--- What this task involves ---
Could you output the entries that follow exactly, omitting any pictures they contain?

Data section Start Marker

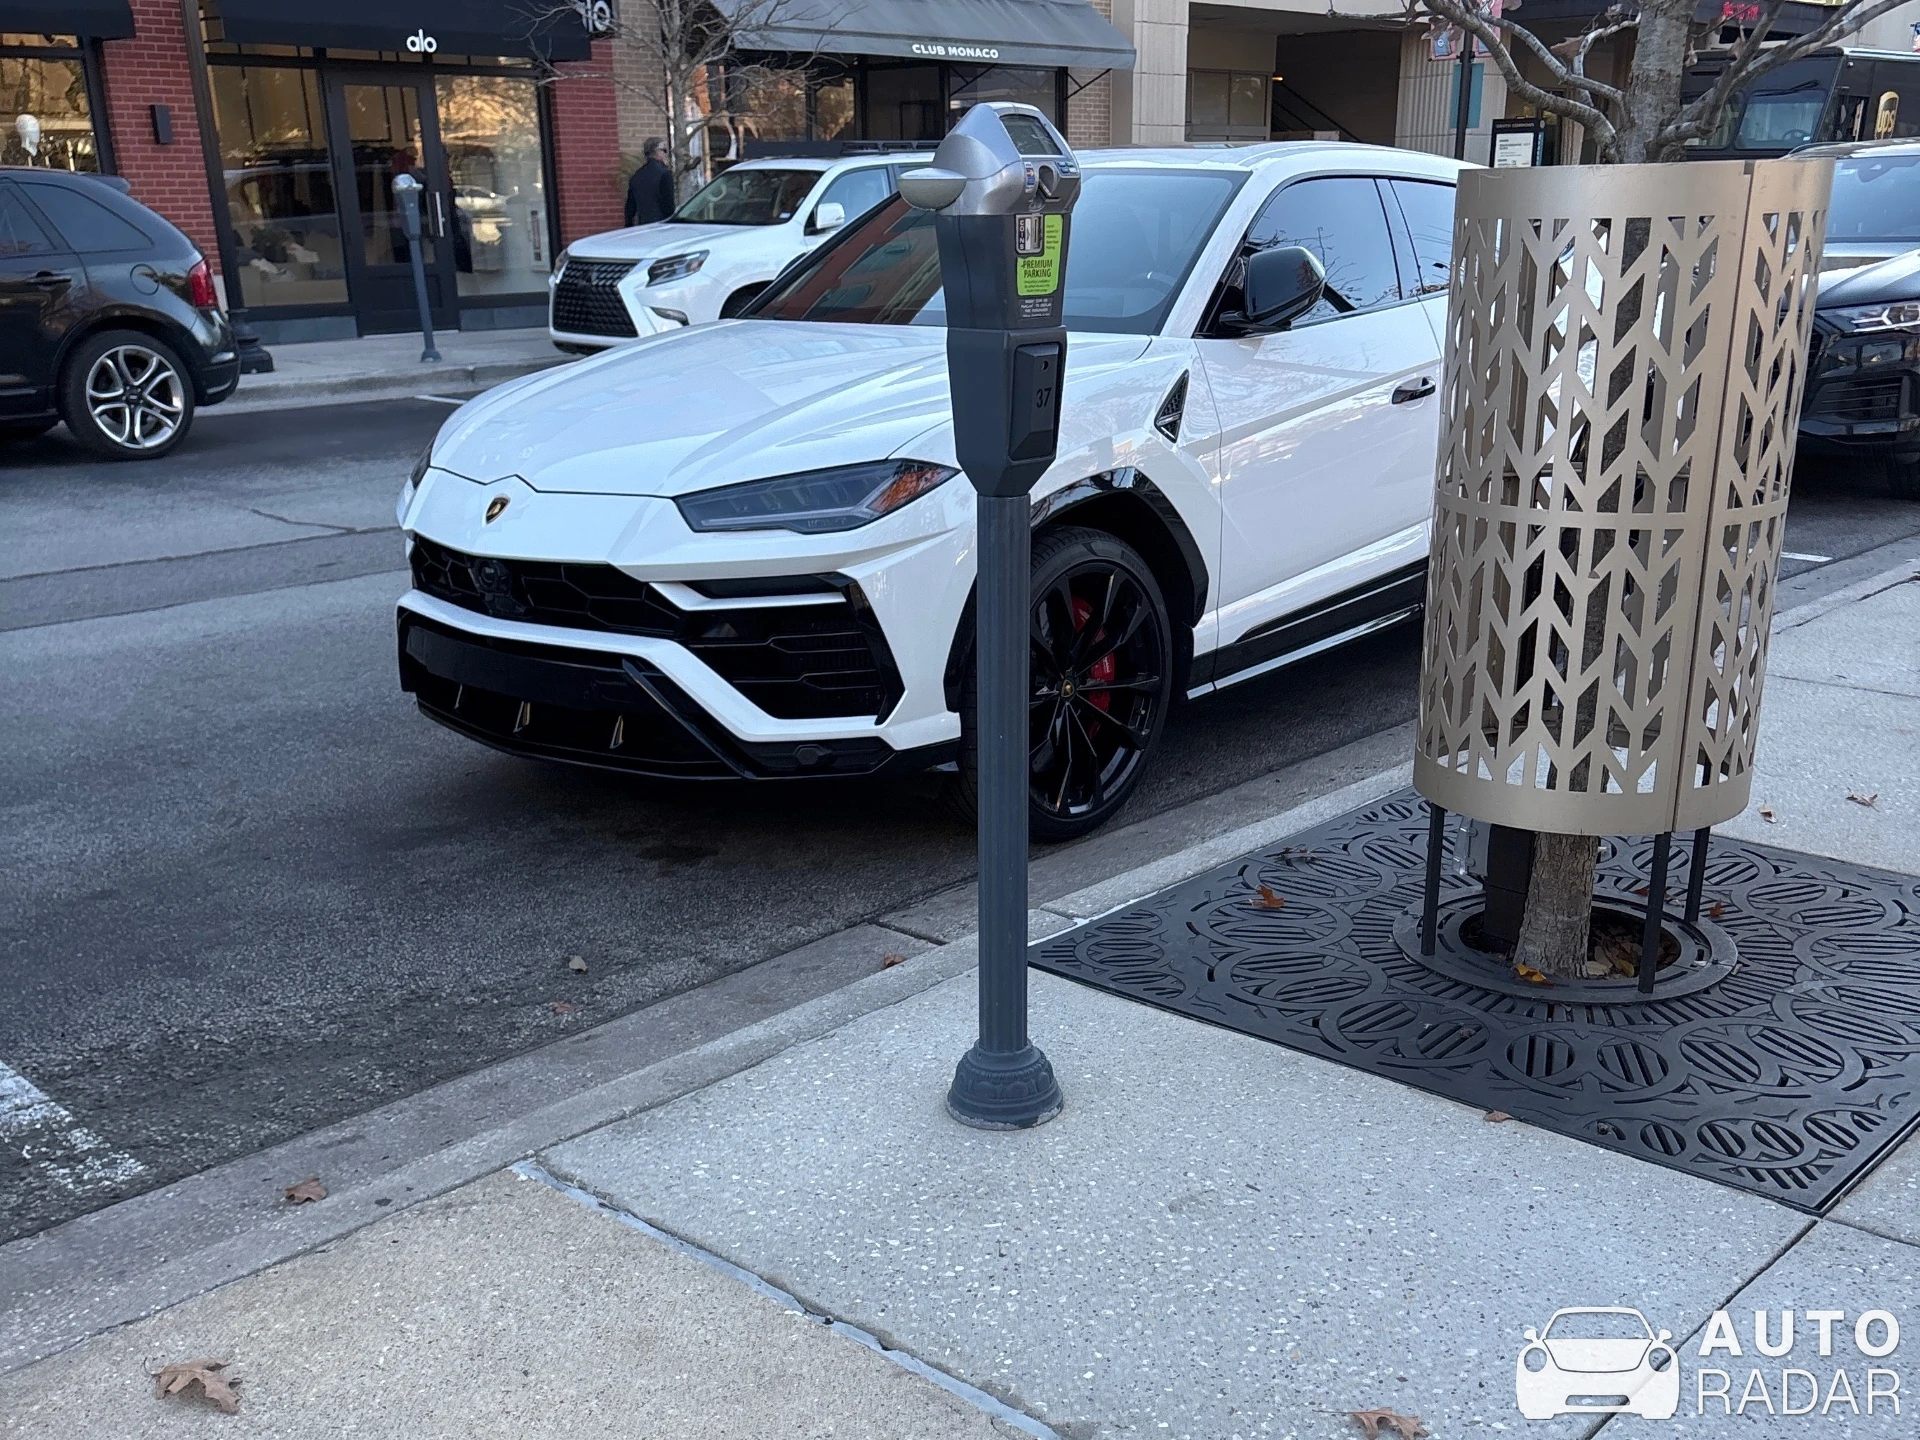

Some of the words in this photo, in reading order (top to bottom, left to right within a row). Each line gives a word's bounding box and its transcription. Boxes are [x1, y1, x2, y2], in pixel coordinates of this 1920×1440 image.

[581, 0, 611, 32] lo
[406, 28, 437, 52] alo
[912, 44, 945, 55] CLUB
[948, 46, 998, 58] MONACO
[1876, 109, 1897, 139] ups
[1023, 259, 1053, 269] PREMIUM
[1023, 269, 1052, 278] PARKING
[1036, 387, 1052, 408] 37

Data section End Marker

--- Expected answer ---
Some of the words in this photo, in reading order (top to bottom, left to right within a row). Each line gives a word's bounding box and its transcription. Boxes are [x1, y1, x2, y2], in pixel coordinates of this 1920×1440 image.

[581, 0, 611, 32] lo
[406, 28, 437, 52] alo
[912, 44, 945, 55] CLUB
[948, 46, 998, 58] MONACO
[1876, 109, 1897, 139] ups
[1023, 259, 1053, 269] PREMIUM
[1023, 269, 1052, 278] PARKING
[1036, 387, 1052, 408] 37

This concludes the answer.